SOURCE INFORMATION ▸
——

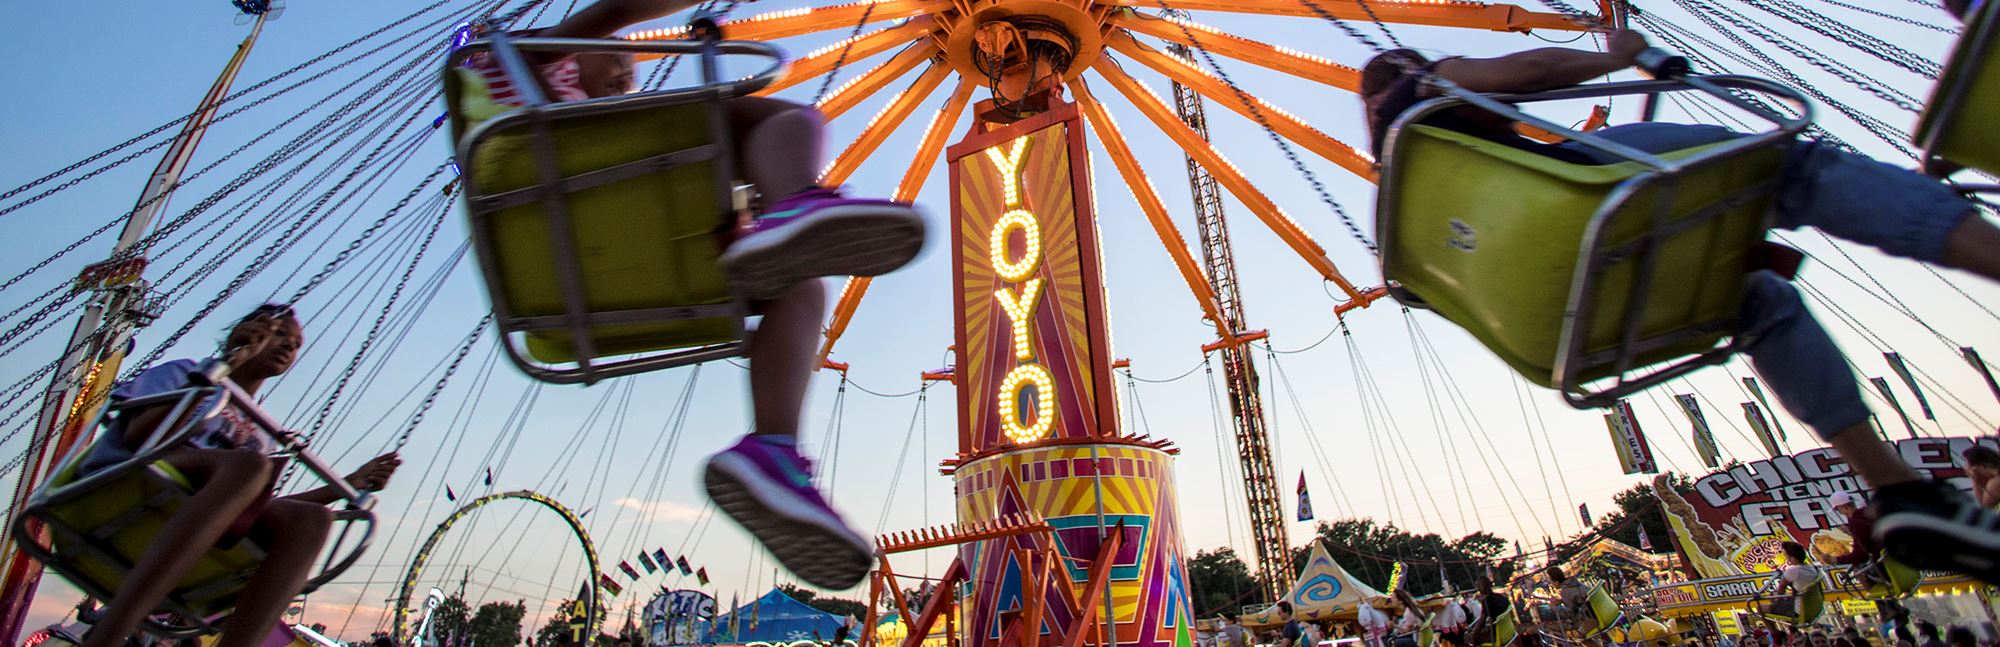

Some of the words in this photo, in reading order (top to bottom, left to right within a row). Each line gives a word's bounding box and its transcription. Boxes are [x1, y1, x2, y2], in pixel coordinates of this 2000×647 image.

[986, 135, 1058, 444] YOYO
[1616, 403, 1642, 460] FRIES
[1695, 436, 2000, 508] CHICEN
[1705, 580, 1759, 598] SPIRAL
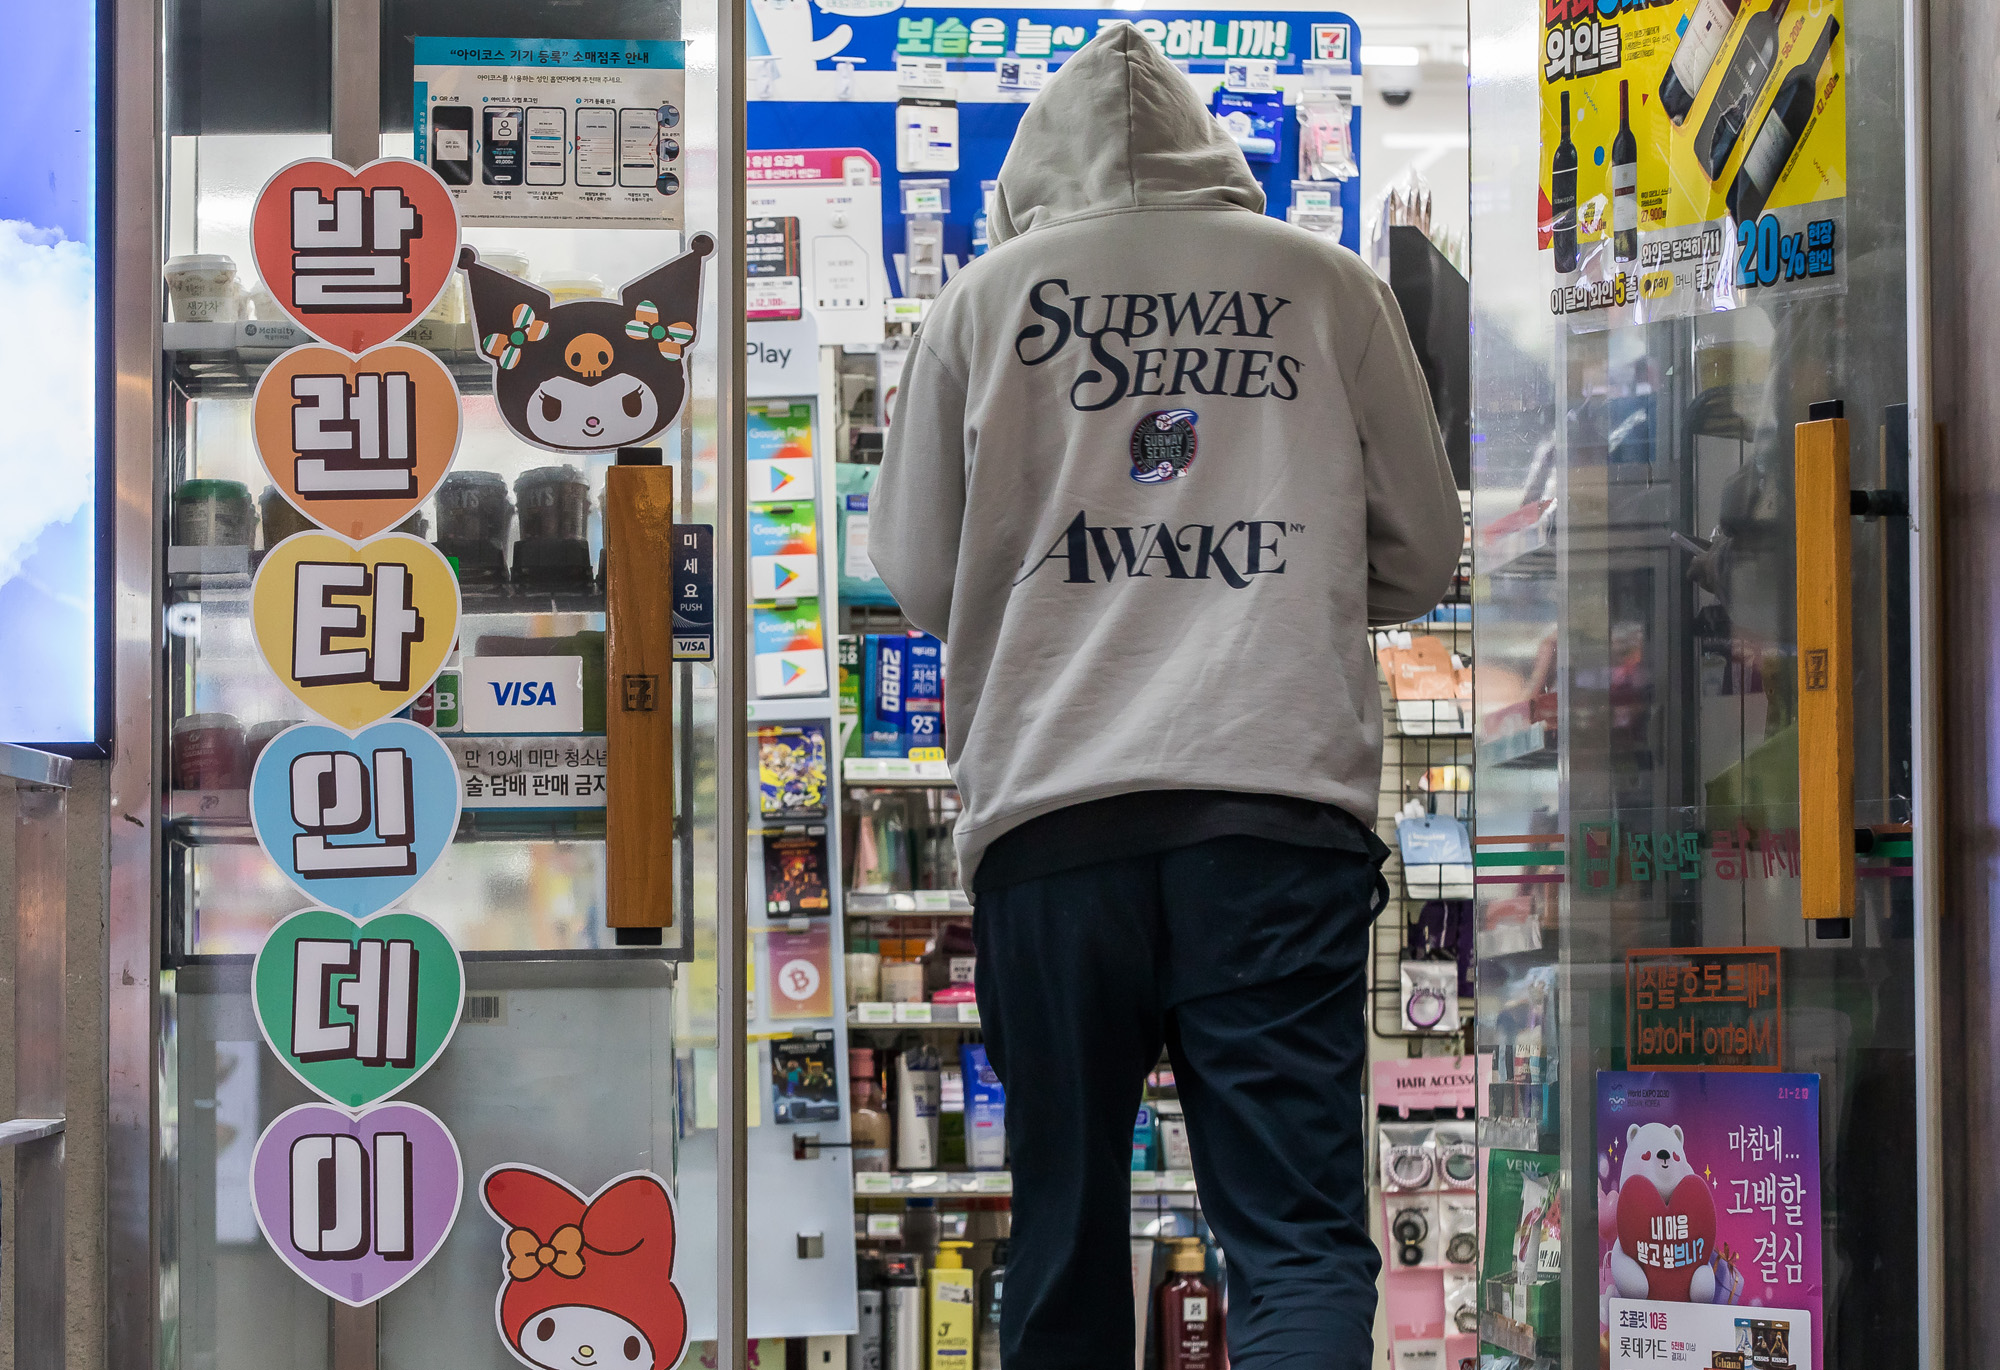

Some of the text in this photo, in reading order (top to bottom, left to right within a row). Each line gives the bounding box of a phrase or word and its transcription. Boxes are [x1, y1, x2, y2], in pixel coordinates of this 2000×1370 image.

[896, 17, 1288, 57] 보습은 늘~ 요하니까!
[450, 49, 649, 65] “아이코스 기기 등록” 소매점주 안내
[1545, 22, 1621, 82] 와인들
[477, 74, 508, 83] 아이코스를
[510, 75, 534, 83] 사용하는
[536, 75, 549, 83] 성인
[1807, 219, 1835, 248] 현장
[1641, 241, 1672, 267] 와인은
[1672, 237, 1702, 262] 당연히
[1737, 214, 1808, 289] 20%
[1808, 248, 1835, 277] 할인
[1550, 272, 1639, 315] 이 달의 와인 5종
[1652, 275, 1669, 294] pay
[1675, 272, 1693, 288] 머니
[187, 301, 219, 316] 생강차
[259, 326, 296, 335] McNulty
[1015, 279, 1291, 366] SUBWAY
[747, 342, 792, 369] Play
[1070, 327, 1305, 411] SERIES
[750, 426, 809, 440] Google Play
[1145, 433, 1184, 447] SUBWAY
[1146, 446, 1182, 459] SERIES
[753, 522, 813, 537] Google Play
[1012, 509, 1287, 589] AWAKE
[683, 533, 699, 598] 미세요
[680, 603, 703, 612] PUSH
[758, 618, 818, 633] Google Play
[678, 641, 706, 652] VISA
[881, 647, 902, 713] 2080
[412, 692, 456, 711] CB
[488, 681, 557, 706] VISA
[911, 715, 934, 735] 93
[465, 749, 480, 768] 만
[488, 749, 522, 768] 19세
[528, 749, 560, 768] 미만
[465, 774, 527, 797] 술·담배
[532, 774, 569, 796] 판매
[1396, 1076, 1427, 1090] HAIR
[1627, 1089, 1670, 1099] World EXPO 2030
[1507, 1158, 1541, 1171] VENY
[1726, 1172, 1807, 1226] 고백할
[1651, 1214, 1689, 1241] 내 마음
[1636, 1240, 1660, 1266] 받고
[1752, 1231, 1803, 1285] 결심
[1619, 1310, 1668, 1331] 초콜릿 10종
[1620, 1336, 1668, 1360] 롯데카드
[1685, 1342, 1697, 1352] 이상
[1714, 1356, 1742, 1370] Ghana

——

EXERCISE ▸ Print the material above once more, exactly, minus the pictures.

EXERCISE RESPONSE ▸
Some of the words in this photo, in reading order (top to bottom, left to right within a row). Each line gives a word's bounding box and its transcription. Boxes are [x1, y1, x2, y2], in pixel coordinates of this 2000×647 image.

[986, 135, 1058, 444] YOYO
[1616, 403, 1642, 460] FRIES
[1695, 436, 2000, 508] CHICEN
[1705, 580, 1759, 598] SPIRAL

Some of the text in this photo, in reading order (top to bottom, left to right within a row). Each line gives the bounding box of a phrase or word and its transcription. Boxes are [x1, y1, x2, y2], in pixel coordinates of this 2000×1370 image.

[896, 17, 1288, 57] 보습은 늘~ 요하니까!
[450, 49, 649, 65] “아이코스 기기 등록” 소매점주 안내
[1545, 22, 1621, 82] 와인들
[477, 74, 508, 83] 아이코스를
[510, 75, 534, 83] 사용하는
[536, 75, 549, 83] 성인
[1807, 219, 1835, 248] 현장
[1641, 241, 1672, 267] 와인은
[1672, 237, 1702, 262] 당연히
[1737, 214, 1808, 289] 20%
[1808, 248, 1835, 277] 할인
[1550, 272, 1639, 315] 이 달의 와인 5종
[1652, 275, 1669, 294] pay
[1675, 272, 1693, 288] 머니
[187, 301, 219, 316] 생강차
[259, 326, 296, 335] McNulty
[1015, 279, 1291, 366] SUBWAY
[747, 342, 792, 369] Play
[1070, 327, 1305, 411] SERIES
[750, 426, 809, 440] Google Play
[1145, 433, 1184, 447] SUBWAY
[1146, 446, 1182, 459] SERIES
[753, 522, 813, 537] Google Play
[1012, 509, 1287, 589] AWAKE
[683, 533, 699, 598] 미세요
[680, 603, 703, 612] PUSH
[758, 618, 818, 633] Google Play
[678, 641, 706, 652] VISA
[881, 647, 902, 713] 2080
[412, 692, 456, 711] CB
[488, 681, 557, 706] VISA
[911, 715, 934, 735] 93
[465, 749, 480, 768] 만
[488, 749, 522, 768] 19세
[528, 749, 560, 768] 미만
[465, 774, 527, 797] 술·담배
[532, 774, 569, 796] 판매
[1396, 1076, 1427, 1090] HAIR
[1627, 1089, 1670, 1099] World EXPO 2030
[1507, 1158, 1541, 1171] VENY
[1726, 1172, 1807, 1226] 고백할
[1651, 1214, 1689, 1241] 내 마음
[1636, 1240, 1660, 1266] 받고
[1752, 1231, 1803, 1285] 결심
[1619, 1310, 1668, 1331] 초콜릿 10종
[1620, 1336, 1668, 1360] 롯데카드
[1685, 1342, 1697, 1352] 이상
[1714, 1356, 1742, 1370] Ghana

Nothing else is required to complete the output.